The treatment of HIV infection with antiretroviral therapy (ART) has evolved greatly since the 1987 FDA approval of zidovudine, a single agent to which the virus rapidly developed resistance. Today, health care providers prescribe multidrug regimens containing 2 or more medications with complementary mechanisms of action and/or treatment resistance profiles. When used as prescribed, ART can allow people with HIV (PWH) to achieve virologic suppression involving a viral RNA (vRNA) level in the person’s blood that is lower than the limit of detection for diagnostic assays (typically, < 200 vRNA copies/mL of blood). The 2014 PARTNER study revealed that virally suppressed PWH are incapable of sexually transmitting the virus to seronegative partners, a finding that would later evolve into the slogan Undetectable = Untransmittable (U = U). Additionally, the 2015 START trial (NCT00867048) demonstrated that initiating ART before substantial HIV-related immunosuppression significantly reduced the risk of disease progression to AIDS, transforming HIV from a fatal diagnosis to a manageable chronic condition. These treatment successes have prompted policymakers to pursue ambitious public health goals such as Ending the HIV Epidemic (EHE), a US public health initiative to reduce new HIV infections and control viral spread by the year 2030.
Key goals of EHE include, from 2017 to the end of 2025, reducing new HIV infections and diagnoses by 75%, increasing viral suppression among PWH to 95%, and increasing good or better self-rated health among diagnosed PWH to 95%. The progress demonstrated by data year 2022—the most recently available—must accelerate to meet 2025 targets; in particular, progress must be made towards increasing self-rated health, as progress declined as of data year 2022. As identified by the CDC, retention in care and achievement of viral suppression are persistent problems, with only 47% and 57% of PWH, respectively, achieving those metrics in data year 2022. Thus, needs among PWH that prevent care retention and successful, sustained achievement of viral suppression remain unmet.
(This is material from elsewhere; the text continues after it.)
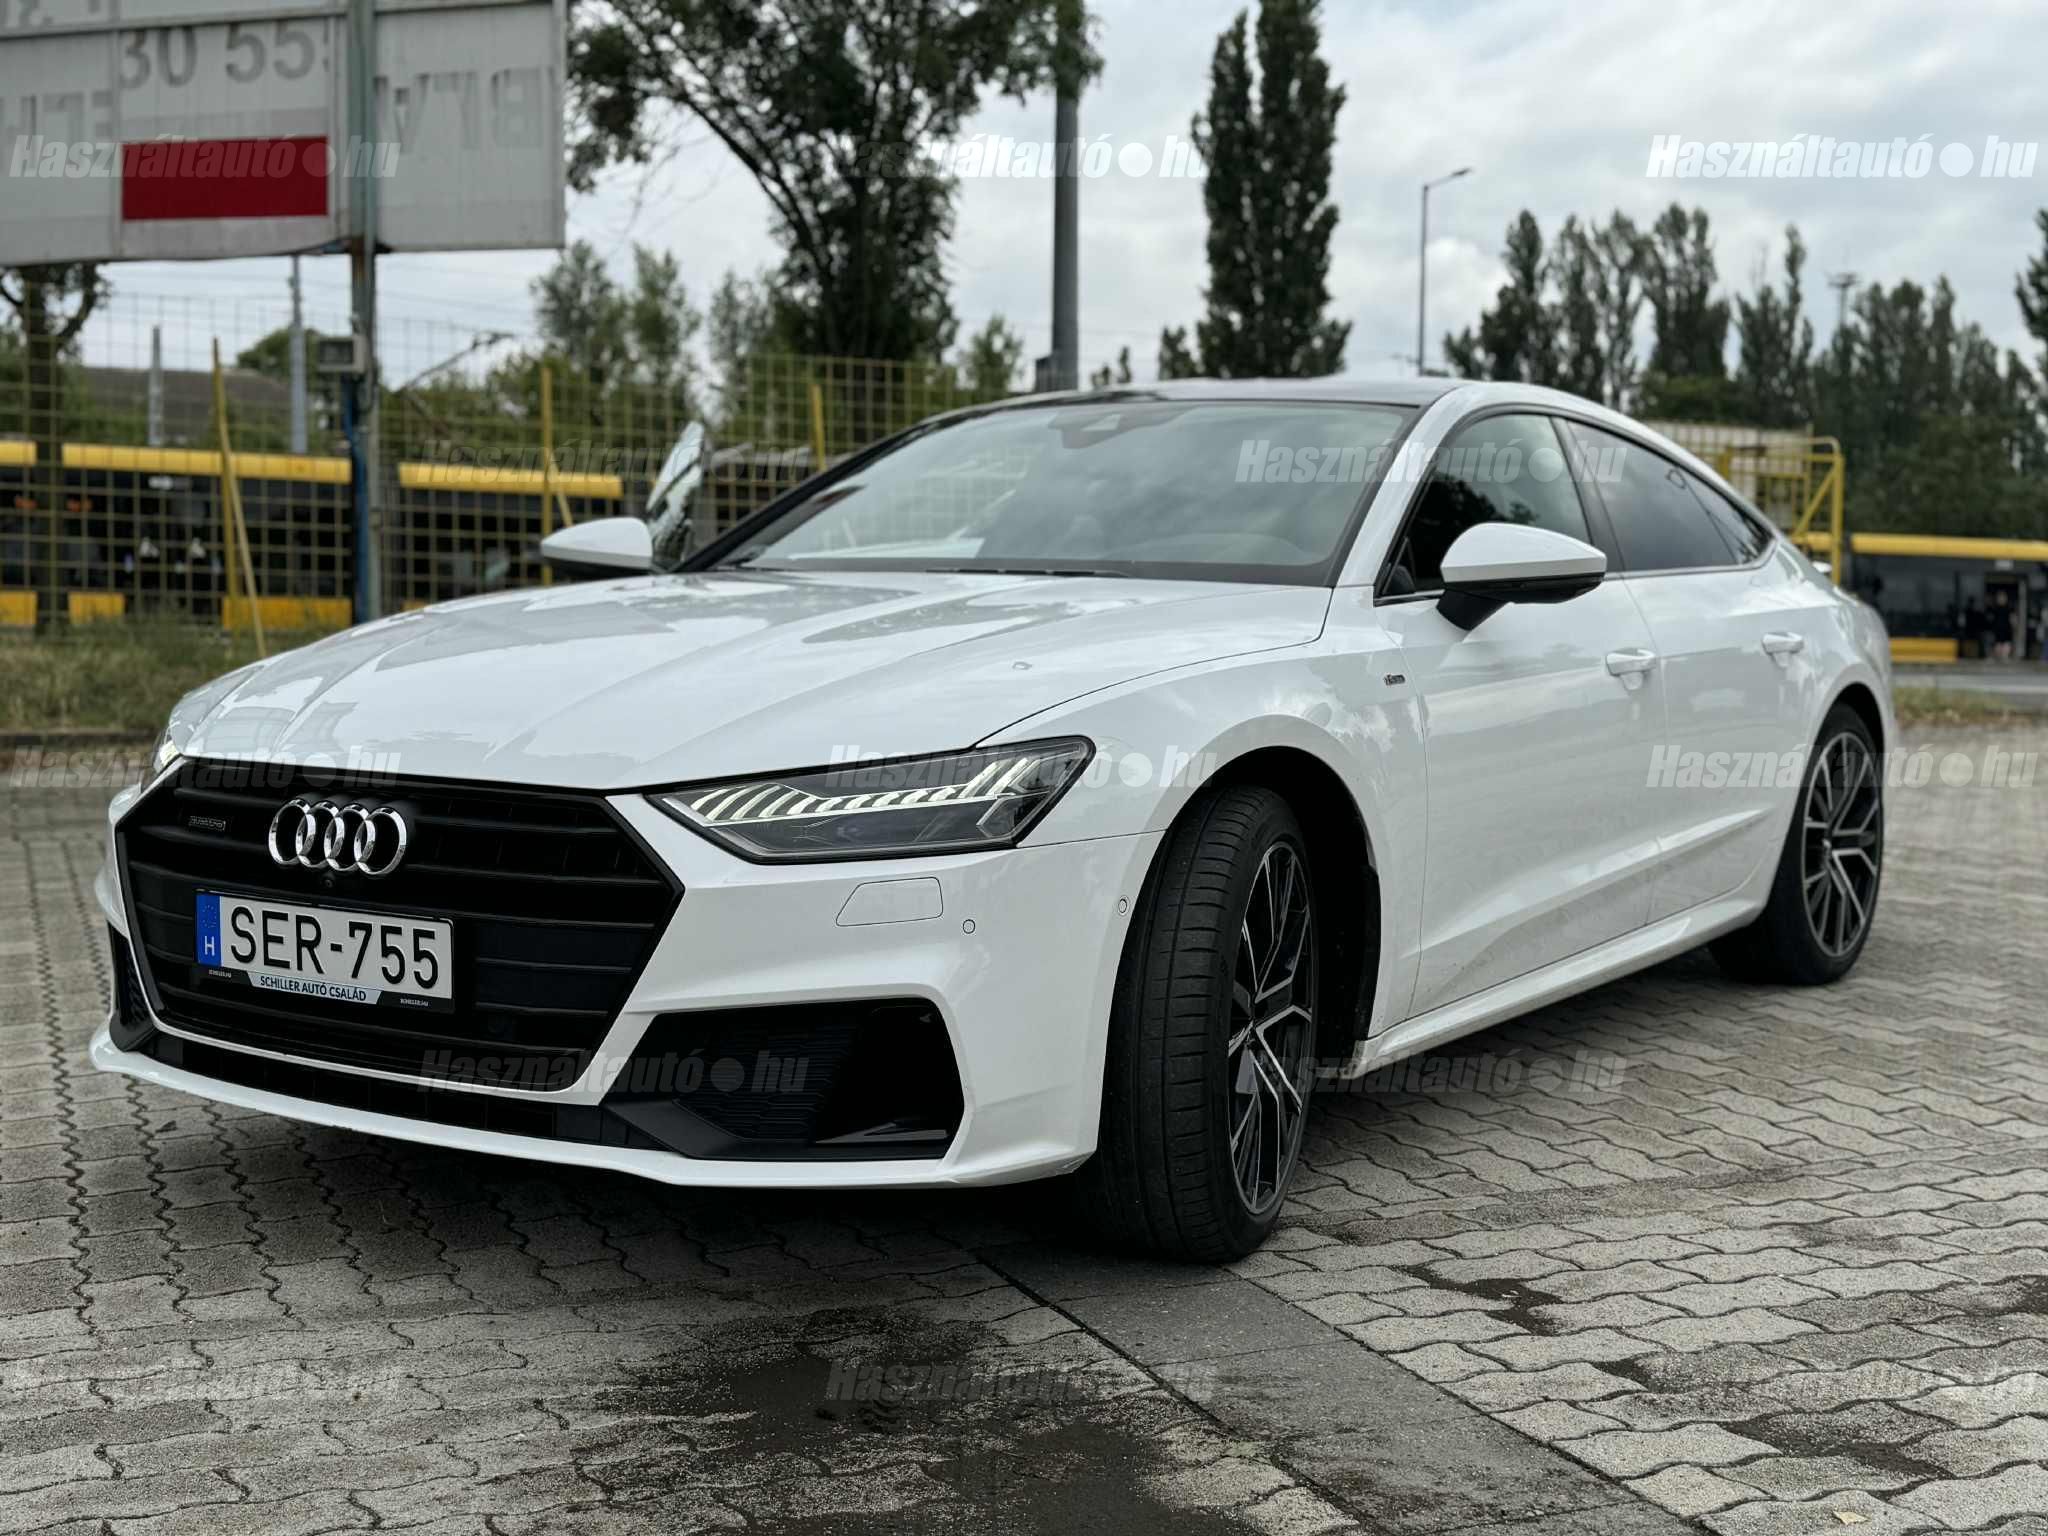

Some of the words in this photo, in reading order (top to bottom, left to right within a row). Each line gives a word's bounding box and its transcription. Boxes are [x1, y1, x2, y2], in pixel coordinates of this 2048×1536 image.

Burdensome treatment effects may explain this problem. Even in the setting of well-controlled viral suppression, patients may be interested in switching, or may need to change, HIV treatment due to adverse events (AEs) or an anticipated drug interaction with a newly prescribed medication. The 2024 HIV treatment guidelines published by the US Department of Health and Human Services (HHS) identify AEs, drug-drug interactions (DDI), drug-food interactions (DFI), pill burden, cost, stigma, inconvenience of oral medications, and a desire to simplify a treatment regimen as valid reasons for PWH to switch from one HIV treatment regimen to another.
An article, published in the American Journal of Managed Care (AJMC), examines the HIV treatment landscape, focusing on how existing and emerging medications for virally suppressed PWH align with patient and public health goals. Further, it identifies remaining therapeutic gaps as the HIV treatment landscape and patient population continue to evolve.